The families of the victims learned the fate of their loved ones after they made a special request to the Dutch safety body for the information. The details would not normally be given on investigations by aviation authorities.
Speaking at Gilze-Rijen military base in the Netherlands, the chairman of the Dutch Safety Board Tjibbe Joustra told journalists that investigators had pieced together the last moments of MH17 using microphone recordings from inside the cockpit and debris recovered from the wreckage.
He said three crew members in the cockpit had died instantly after the warhead exploded over the left side of the plane. Joustra said "thousands of small preformed metal objects" or shrapnel had barraged the aircraft and then "as a result of the detonation the front part of the plane broke apart".
The investigation, which has had input from Dutch, Ukrainian, British, American, Russian, and Malaysian experts, definitively ruled out other theories behind the crash. The findings come 15 months after 298 were killed on the flight. Of the dead, 196 were Dutch.

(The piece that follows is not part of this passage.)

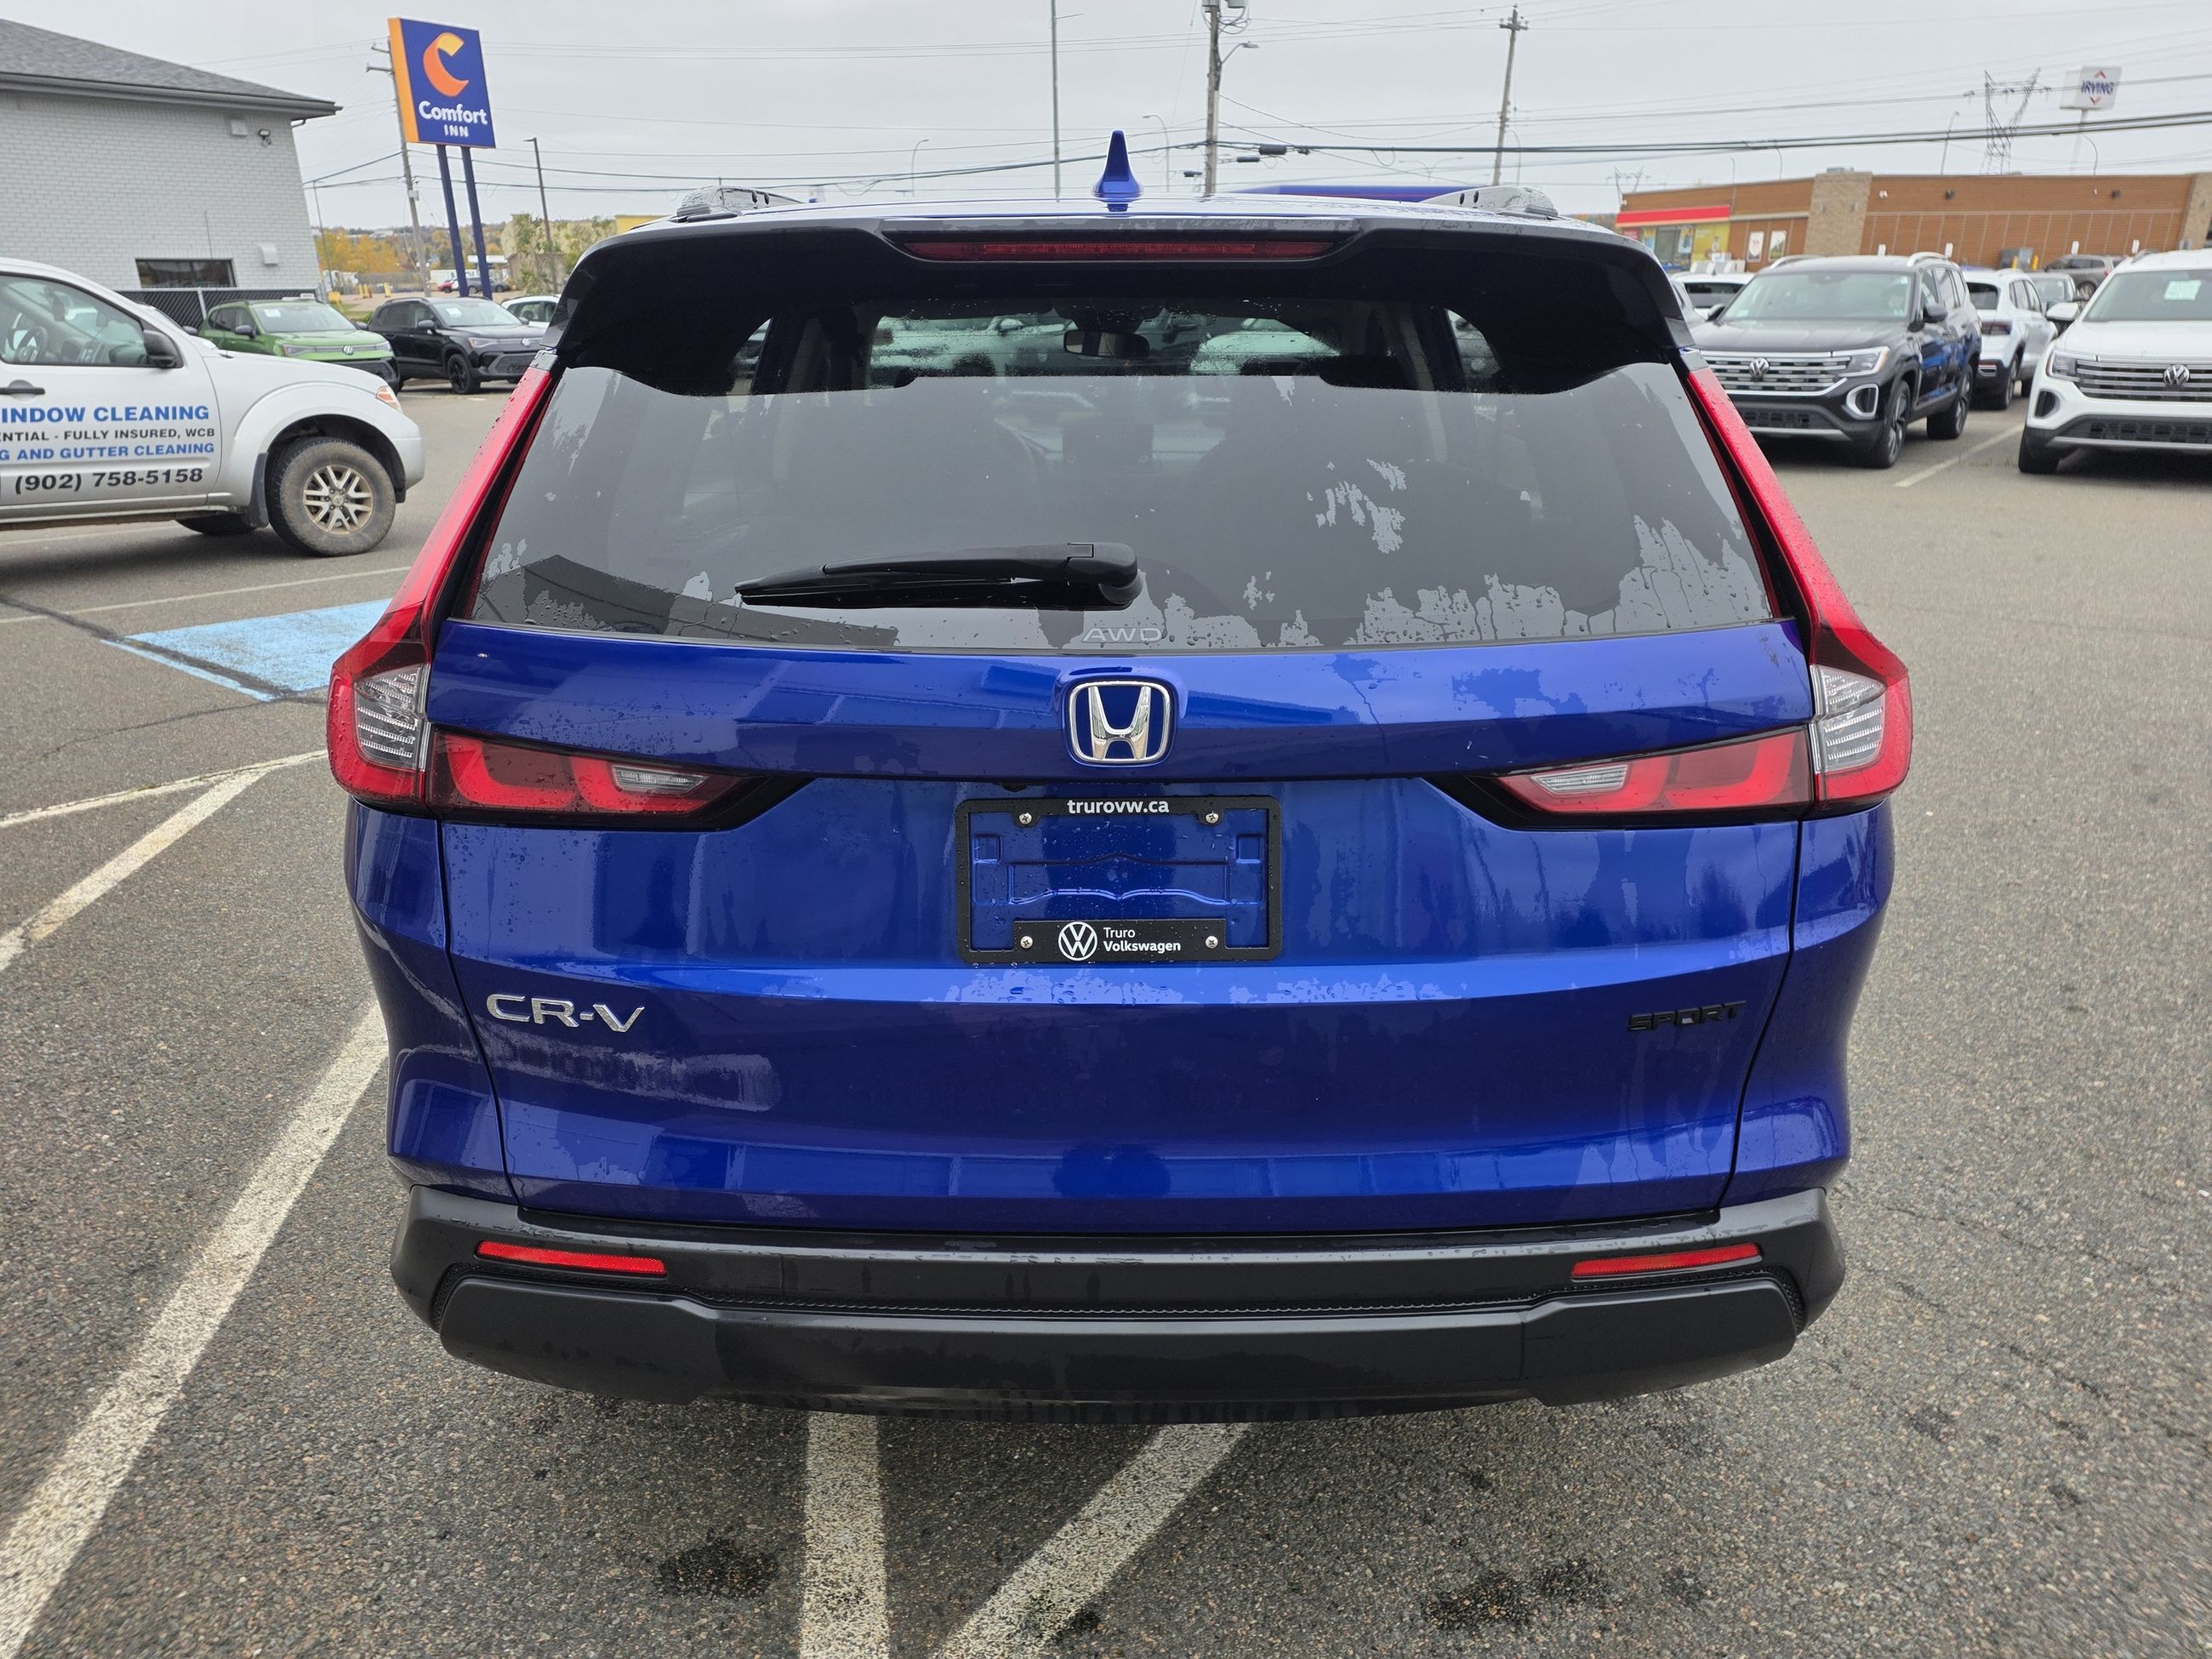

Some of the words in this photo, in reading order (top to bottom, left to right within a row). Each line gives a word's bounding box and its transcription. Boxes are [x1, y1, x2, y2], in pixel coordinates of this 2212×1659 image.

Joustra said meteor showers, an onboard bomb, or technical defects could not have been responsible. The hypothesis of an air-to-air missile was also ruled out, as it would have caused a different blast pattern.
All parties in the investigation were in agreement over the causes of the crash with the exception of Russia which has posited that the type of warhead used by in the attack could not be known "with certainty".
However, the safety board stopped short of blaming Russia or Ukrainian rebels backed by the Russian Federation. In comments made to a Dutch newspaper, parties to the report have claimed Russian responsibility. "The BUK is anyhow developed and produced in Russia. You can assume that the rebels can not operate such BUK device, I suspect the help of Russian ex-servicemen," they were quoted as saying. Next year, further investigations are expected to conclude who fired the missile and where from.
The Dutch Safety Body did rest blame with the Ukrainian Aviation Authority and airline carriers for not identifying the threat posed by the conflict in Ukraine to commercial jets. Joustra said 32 carriers had continued flying over eastern Ukraine in spite of the conflict even though two military aircraft had been downed within the range of MH17's cruising altitude, over 320,000 feet. "There was sufficient reason to close the airspace over eastern Ukraine," said Joustra.